After an etch step removes the etch stop layer at the bottom of the
via, a conformal diffusion barrier layer is deposited in the via
and trench followed by deposition of a metal layer to fill the via
and trench. A planarization step completes the damascene scheme.
The improved physical and mechanical properties of the low k
dielectric layer enable a lower leakage current and higher
breakdown voltage in the resulting metal interconnect.
BRIEF DESCRIPTION OF THE DRAWINGS
[0015] FIG. 1 is a plot showing the degradation in film uniformity
of a deposited carbon doped SiO.sub.2 layer with an increasing
number of processed wafers in a chamber between preventative
maintenance cleaning operations.
[0016] FIG. 2 is a plot that demonstrates an increase in deposition
rate for a Black Diamond film when Ar or He are added to O.sub.2
and trimethylsilane in the PECVD process of the present
invention.
[0017] FIG. 3 is a plot depicting the dielectric constant (k value)
of a Black Diamond layer as a function of Ar flow rate in the PECVD
method of the present invention.
[0018] FIG. 4 is a plot showing a lower leakage current in a device
when a conventional Black Diamond dielectric layer is replaced by a
Black Diamond dielectric layer formed by incorporating Ar in the
deposition process.
[0019] FIG. 5 is a cross-sectional view showing the deposition of a
carbon doped SiO.sub.2 layer as a low k dielectric layer on a
substrate according to a method of the present invention.

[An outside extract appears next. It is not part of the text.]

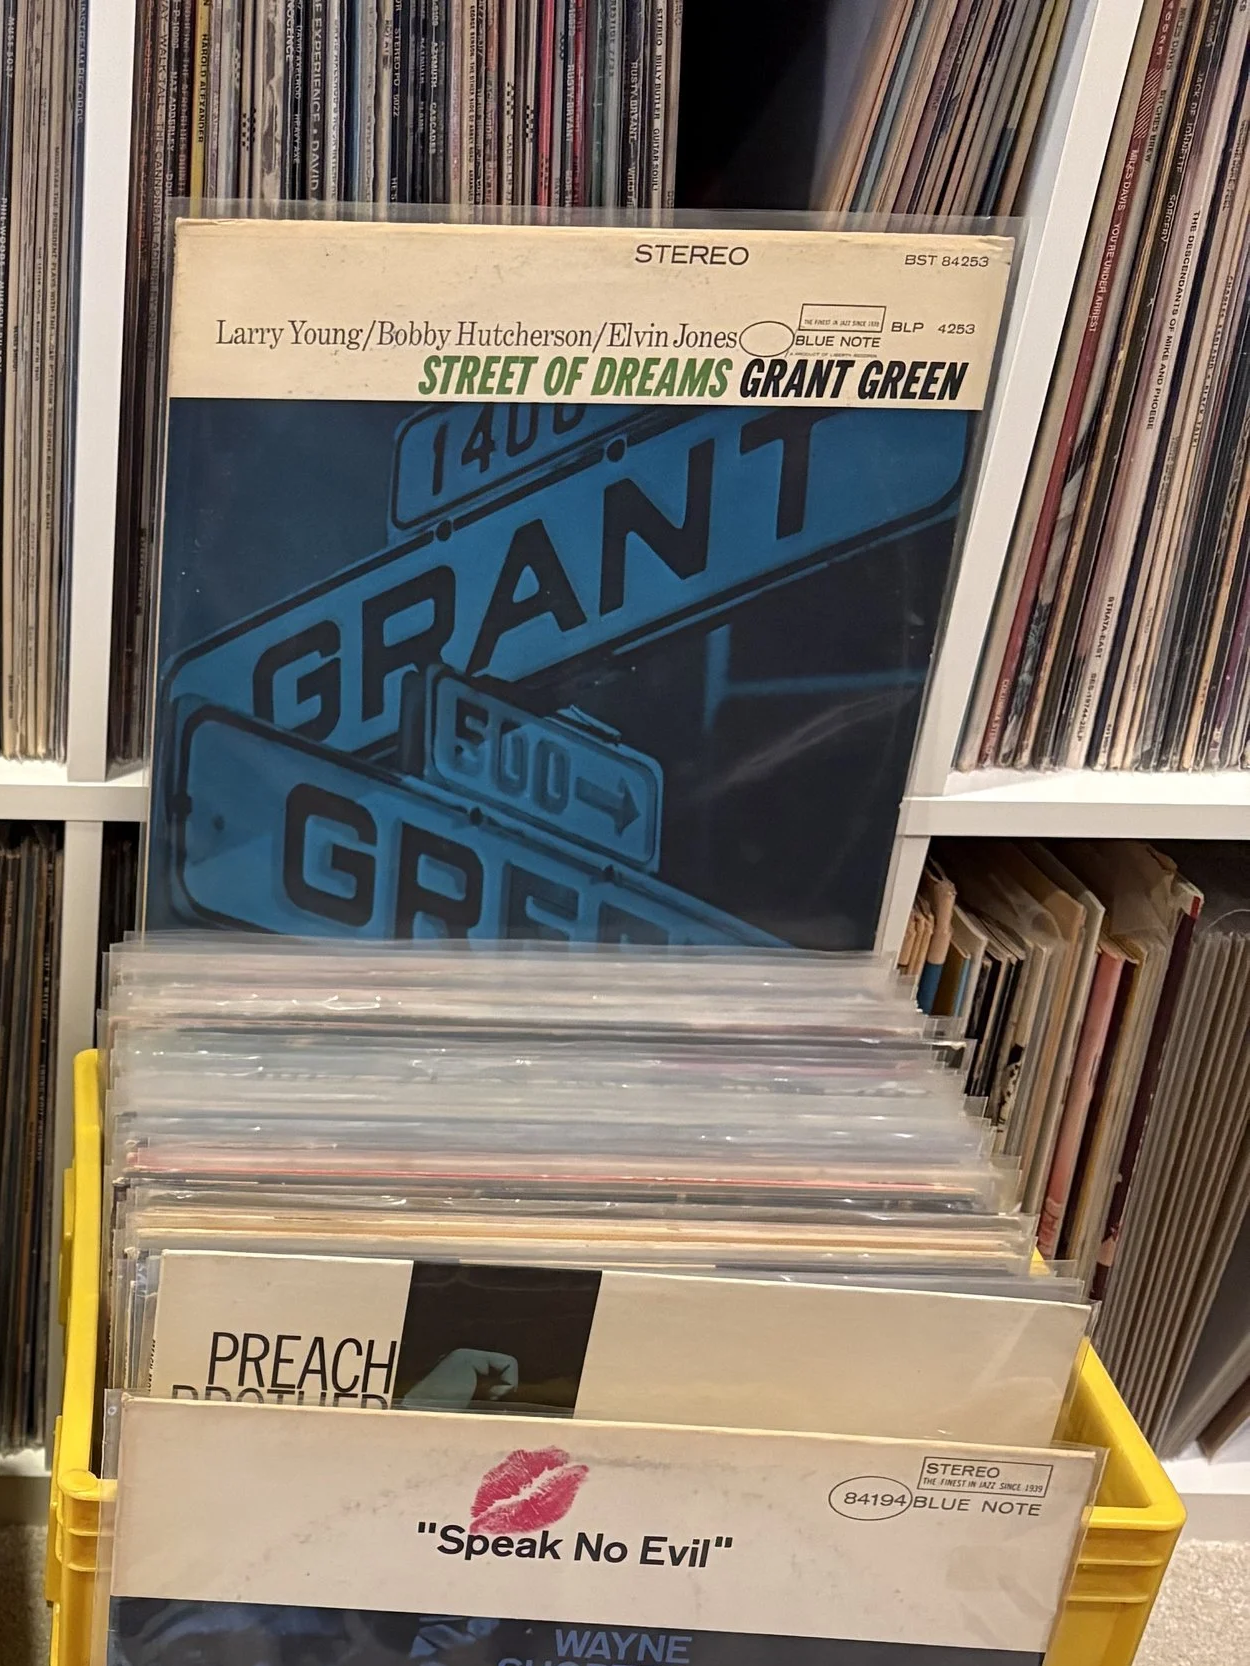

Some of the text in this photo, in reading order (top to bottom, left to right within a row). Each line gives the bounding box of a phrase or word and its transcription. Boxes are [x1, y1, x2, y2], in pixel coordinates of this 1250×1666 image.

[0020] FIGS. 6-8 are cross-sectional views that depict plasma etch
processes during a dual damascene scheme when the low k dielectric
layer of the present invention is exposed to etchants.
[0021] FIG. 9 is a cross-sectional view after deposition of a
diffusion barrier layer and a metal layer to fill an opening in the
low k dielectric layer and a planarization step that lowers the
level of the metal layer to be coplanar with the low k dielectric
layer.
DETAILED DESCRIPTION OF THE INVENTION
[0022] The invention is a method of depositing a carbon doped
SiO.sub.2 film as a low k dielectric layer to insulate metal
interconnects in a semiconductor device. The drawings are provided
by way of example and are not intended to limit the scope of the
invention. Moreover, the figures are not necessarily drawn to scale
and the relative size of various elements may be different than
found in an actual device. Although FIGS. 5-9 depict the use of an
interlevel dielectric layer (ILD) in a damascene scheme for
fabricating a metal interconnect, those skilled in the art will
appreciate that a carbon doped SiO.sub.2 layer may also be
deposited according to a method of the present invention in a gap
fill operation (not shown) to form an intermetal dielectric (IMD)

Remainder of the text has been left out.